Design and Usability

Big, but easy to miss

We are pretty resigned to the reality that when it comes to countertop design the rectangle stainless box is where it's at. That isn't to say that the WMC50522AS looks bad in anyway, it's just your typical inoffensive microwave.

If the WMC50522AS has one thing going for it, it's real estate. The microwave sports a massive 2.2-cubic-foot interior capacity. Beyond a Control Lock, and a useful Add 30 Seconds function, the WMC50522AS features the usual assortment of microwave controls, and the options are thoughtfully laid out on the touch sensitive user panel.

The Whirlpool WMC50522AS countertop microwave.
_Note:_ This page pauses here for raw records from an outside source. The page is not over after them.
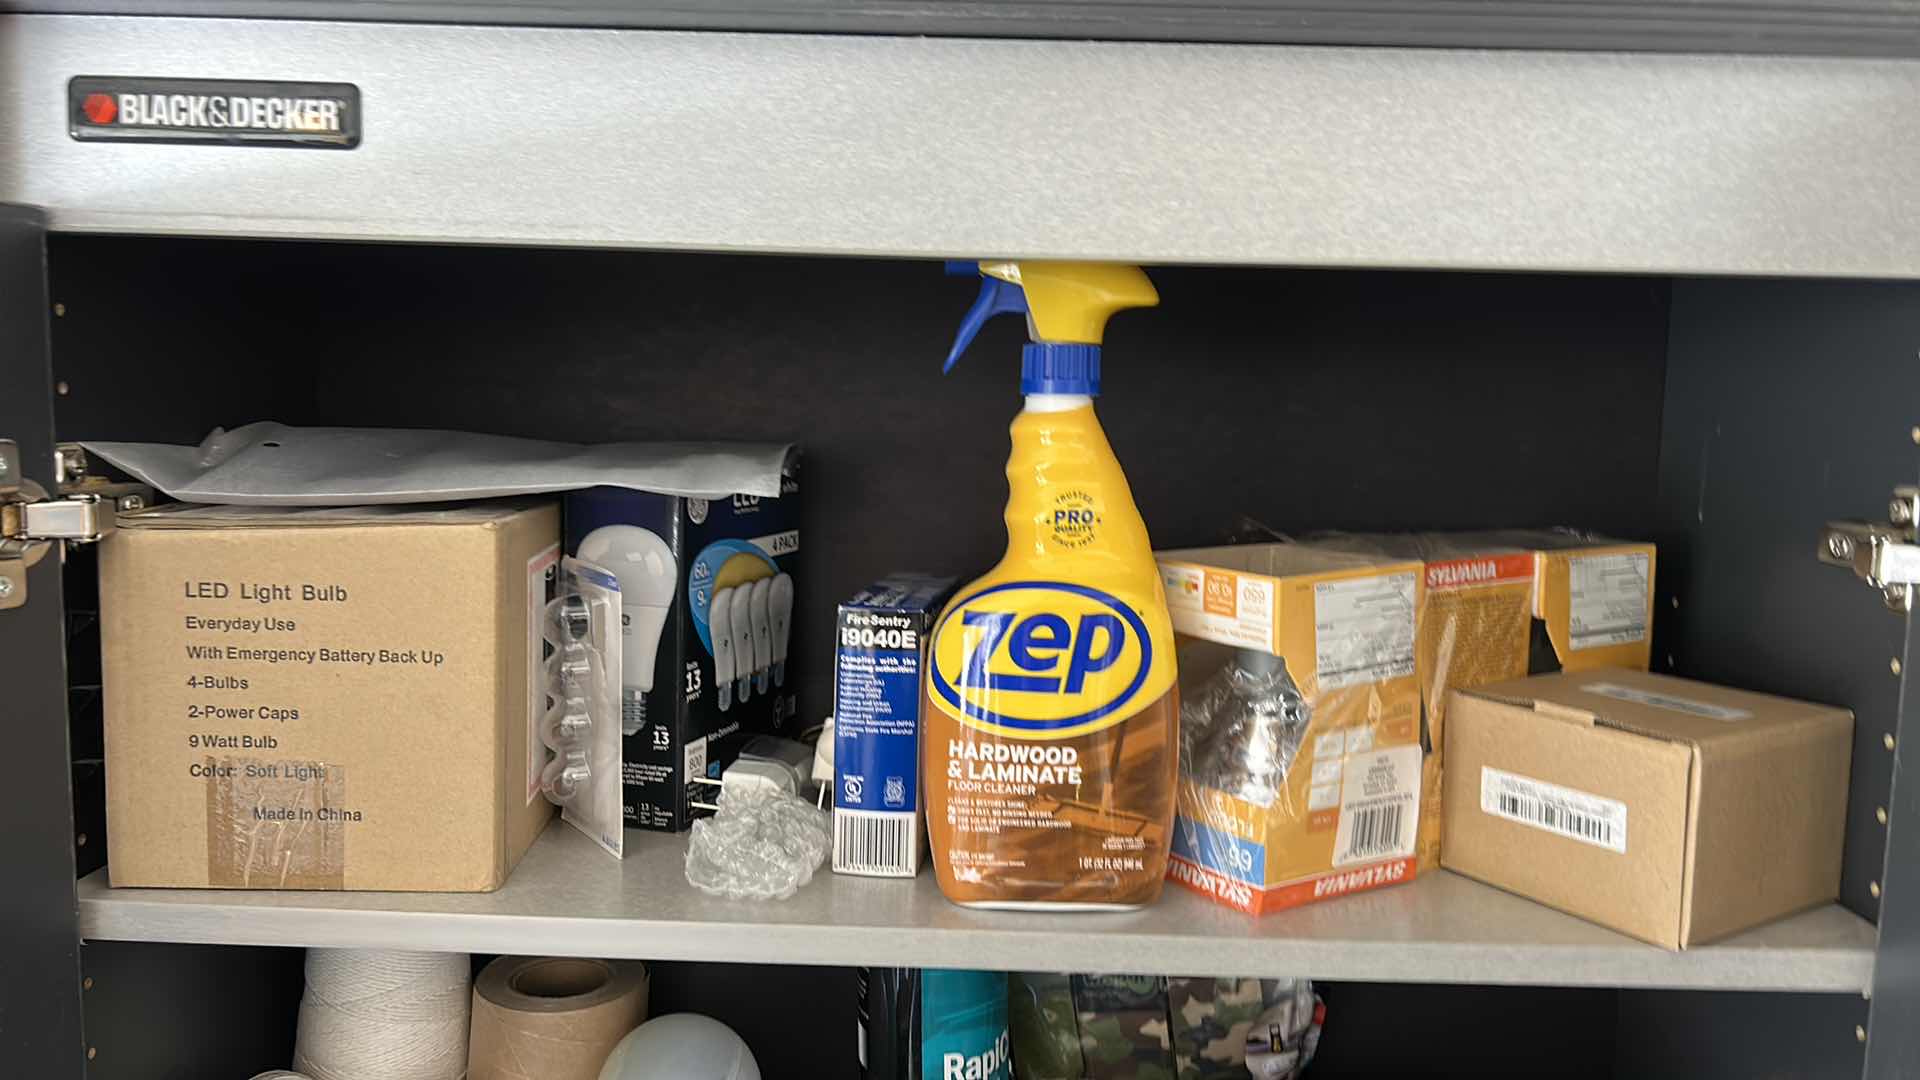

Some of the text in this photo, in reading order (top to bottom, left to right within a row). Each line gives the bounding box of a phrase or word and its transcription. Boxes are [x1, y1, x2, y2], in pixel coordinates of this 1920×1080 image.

[1054, 510, 1094, 526] PRO
[1427, 562, 1497, 586] SYLVANIA
[184, 582, 348, 604] LED Light Bulb
[186, 616, 296, 632] Everyday Use
[841, 627, 917, 648] i9040E
[186, 646, 444, 666] With Emergency Battery Back Up
[879, 656, 899, 666] with
[902, 656, 917, 666] the
[187, 676, 249, 690] 4-Bulbs
[686, 668, 702, 693] 13
[188, 705, 299, 722] 2-Power Caps
[189, 735, 279, 749] 9 Watt Bulb
[653, 731, 670, 745] 13
[948, 739, 1078, 766] HARDWOOD
[190, 763, 325, 782] Color: Soft Light
[947, 759, 1083, 785] & LAMINATE
[947, 780, 1037, 796] FLOOR CLEANER
[253, 807, 362, 822] Made In China
[1313, 860, 1407, 897] SYLVANIA
The Whirlpool WMC50522AS countertop microwave.


Into the Maelstrom

We'll dispense with the pleasantries and get down the real nitty-gritty: The WMC50522AS did not perform well. Aside from some impressively fast water heating speeds and acceptable popcorn popping, this particular Whirlpool fumbled in pretty much every area. The preset cooking modes, automatic defrost, and sensor cooking mode all failed to impress.

If you want to read more, click on over to the Science page.
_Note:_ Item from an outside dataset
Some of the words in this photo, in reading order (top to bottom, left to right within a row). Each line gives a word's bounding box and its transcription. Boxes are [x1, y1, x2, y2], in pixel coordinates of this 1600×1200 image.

You'll be able to fit pretty much anything into the WMC50522AS's 2.2-cubic-foot capacity.

You'll be able to fit pretty much anything into the WMC50522AS's 2.2-cubic-foot capacity.
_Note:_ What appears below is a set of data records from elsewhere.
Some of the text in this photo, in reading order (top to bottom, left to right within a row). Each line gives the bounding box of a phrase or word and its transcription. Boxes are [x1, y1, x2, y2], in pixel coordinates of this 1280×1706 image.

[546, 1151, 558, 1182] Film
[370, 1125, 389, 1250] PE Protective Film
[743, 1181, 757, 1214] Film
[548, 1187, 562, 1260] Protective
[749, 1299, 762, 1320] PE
In the interest of being fair-minded, though, we should point that the WMC50522AS is one of the quietest microwaves we have ever tested.


Lost in the crowd.

Rectangular, stainless steel, controls on the left? Yup, that's a microwave.

Rectangular, stainless steel trim, controls on the left? Yup, that's a microwave.

We are believers in the idea that most products, regardless of shortcomings, could be right for someone.

Well, for this reviewer at least, the the Whirlpool WMC50522AS is putting a few noticeable dents into that belief. It's not that the WMC50522AS is a bad appliance. But it does lack any distinguishing element that elevates it above the competition. For instance, when it comes to upscale countertop microwaves that can be built into cabinetry, the Panasonic NN-SN973S is cheaper and offers better performance in the key areas of evenness and sensor cooking.

We suppose if you need a spacious and quiet microwave for a few peripheral cooking tasks, the WMC50522AS is a better choice than the usual impulse buy, entry-level microwave. For those who expect more however, we recommend holding off, unless you can find one for cheap that is.

Cooking Performance

The WMC50522AS's Popcorn setting was average at best. Our test bags of popcorn contain, on average, about 300 kernels. At the end of the 1:50 cycle there were 67 unpopped kernels left behind. That's not a terrible result, but we have seen better.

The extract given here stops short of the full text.